**TASK DESCRIPTION**
Word for word, give the records again, dropping any picture they hold.

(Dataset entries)
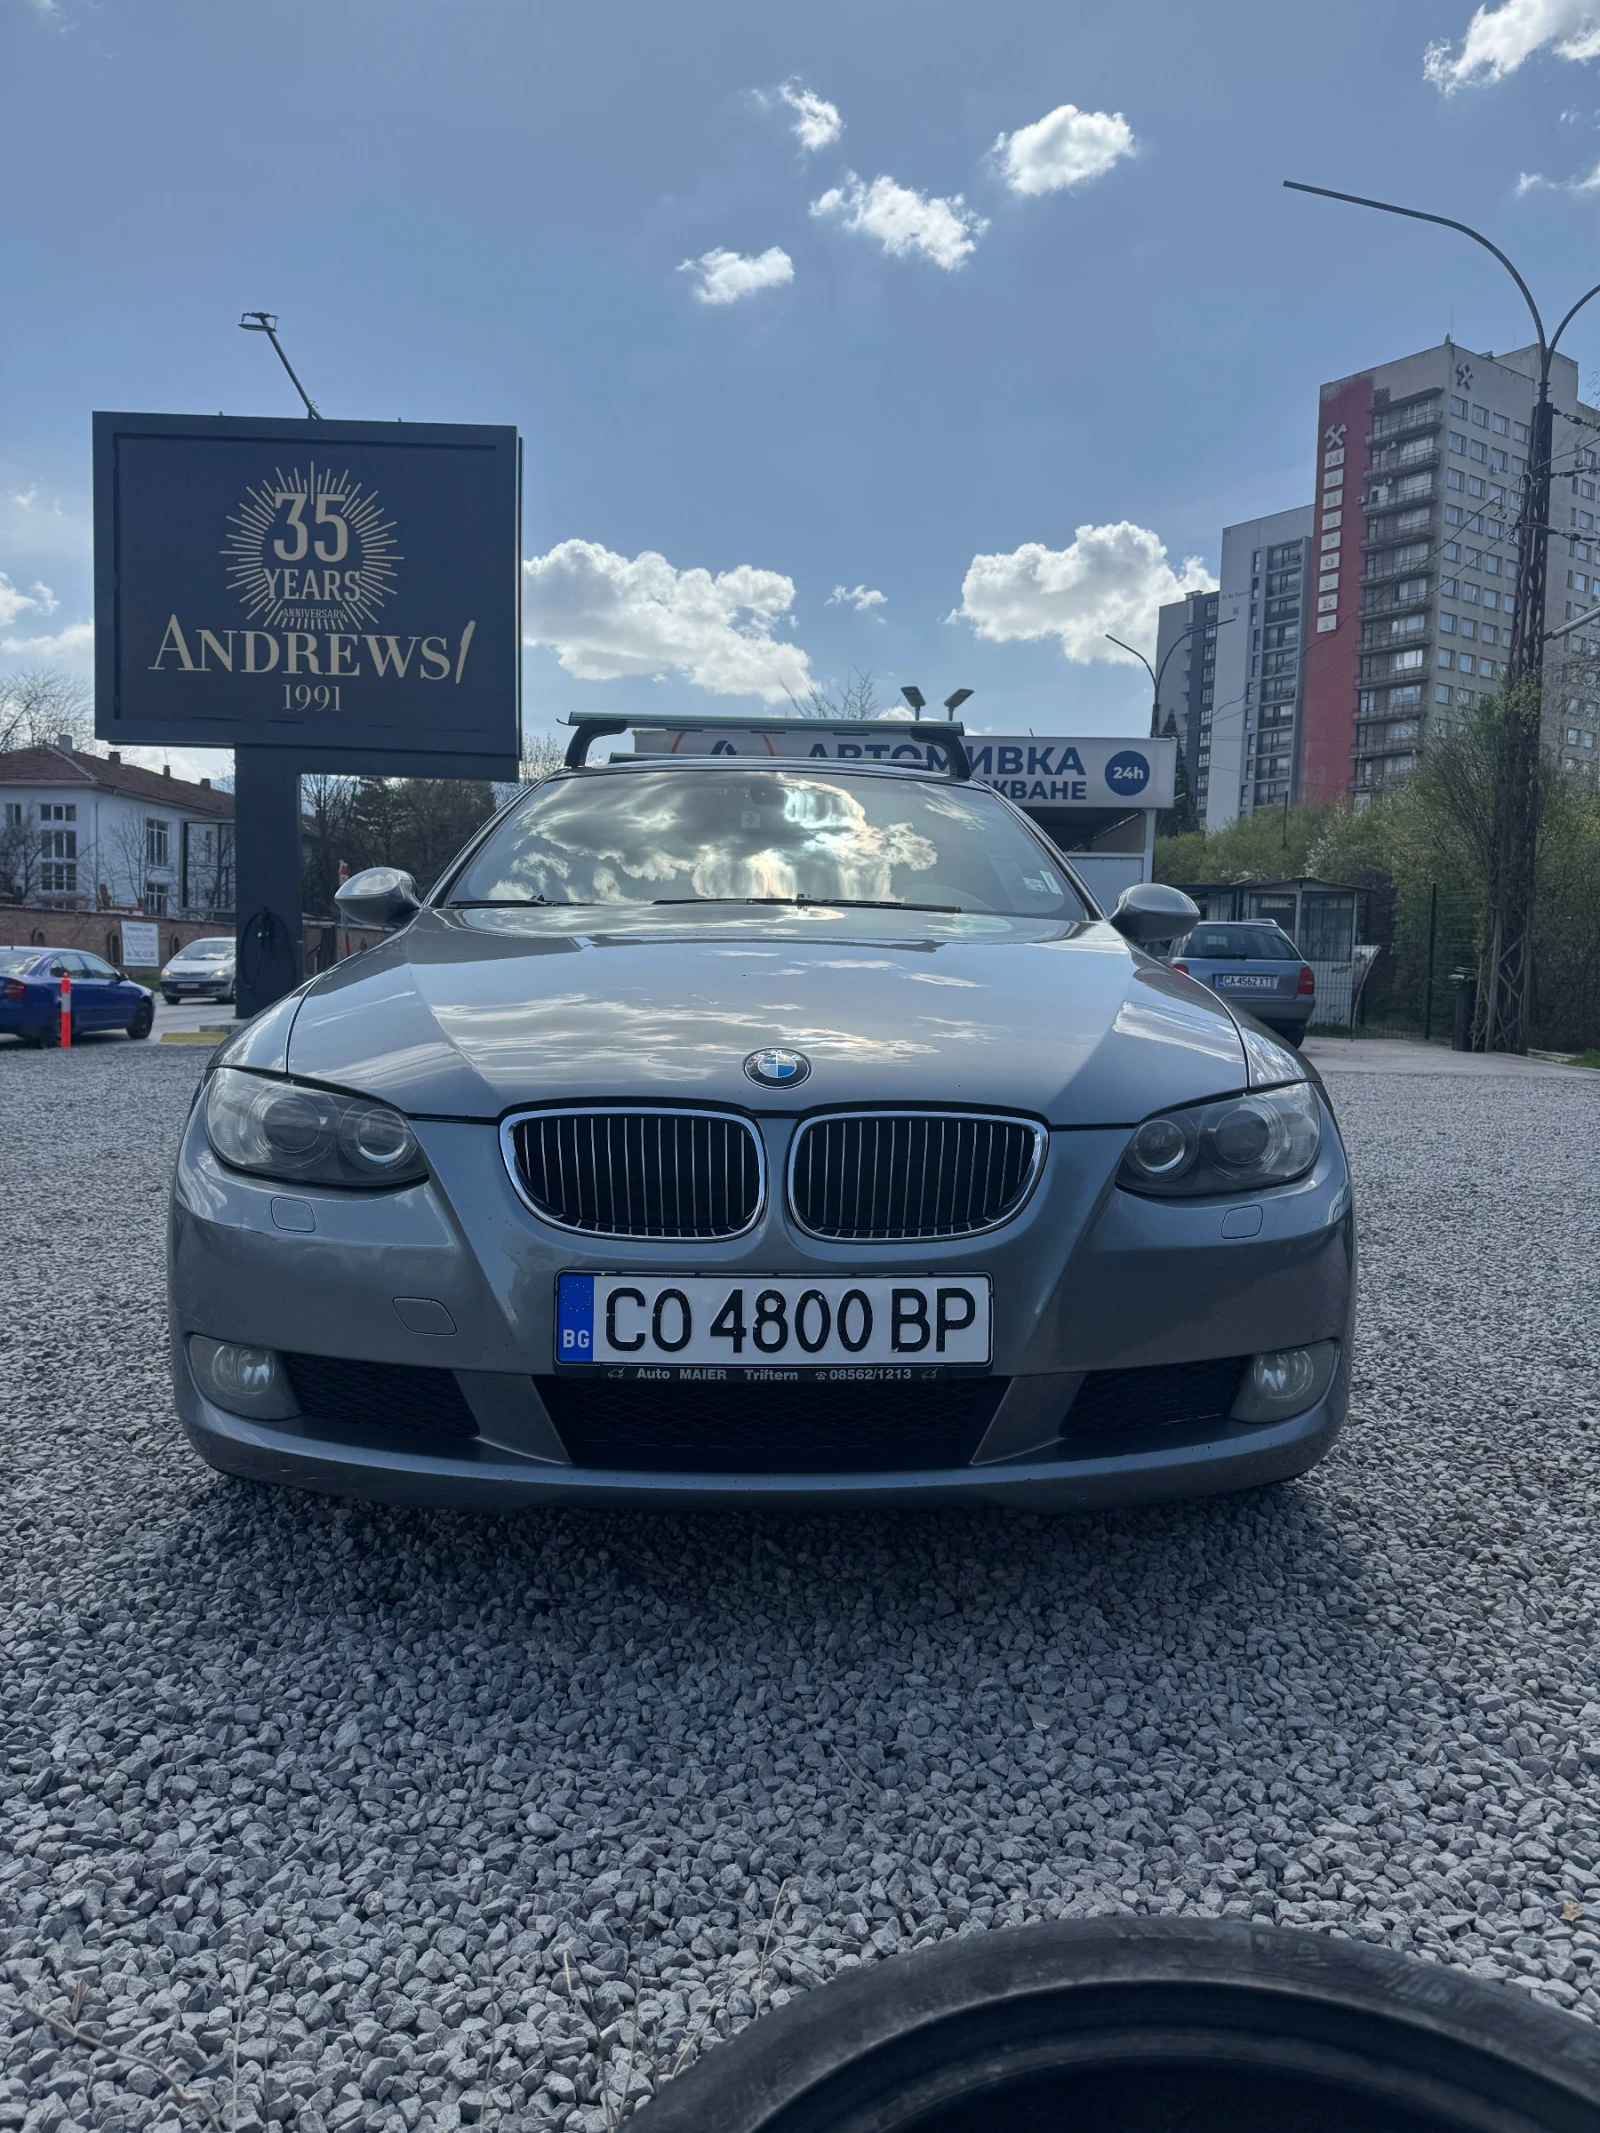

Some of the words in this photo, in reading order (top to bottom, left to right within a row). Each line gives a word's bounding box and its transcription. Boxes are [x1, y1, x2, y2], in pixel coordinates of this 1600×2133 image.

[273, 492, 348, 563] 35
[263, 569, 361, 602] YEARS
[282, 607, 345, 619] ANNIVERSARY
[282, 684, 344, 712] 1991
[1113, 766, 1144, 780] 24h
[709, 1289, 873, 1353] 4800
[891, 1287, 976, 1353] BP
[563, 1329, 590, 1349] BG
[637, 1369, 671, 1380] Auto
[679, 1369, 727, 1380] MAIER
[744, 1369, 799, 1381] Triftern
[829, 1369, 912, 1381] 08562/1213

**TASK RESULT**
Some of the words in this photo, in reading order (top to bottom, left to right within a row). Each line gives a word's bounding box and its transcription. Boxes are [x1, y1, x2, y2], in pixel coordinates of this 1600×2133 image.

[273, 492, 348, 563] 35
[263, 569, 361, 602] YEARS
[282, 607, 345, 619] ANNIVERSARY
[282, 684, 344, 712] 1991
[1113, 766, 1144, 780] 24h
[709, 1289, 873, 1353] 4800
[891, 1287, 976, 1353] BP
[563, 1329, 590, 1349] BG
[637, 1369, 671, 1380] Auto
[679, 1369, 727, 1380] MAIER
[744, 1369, 799, 1381] Triftern
[829, 1369, 912, 1381] 08562/1213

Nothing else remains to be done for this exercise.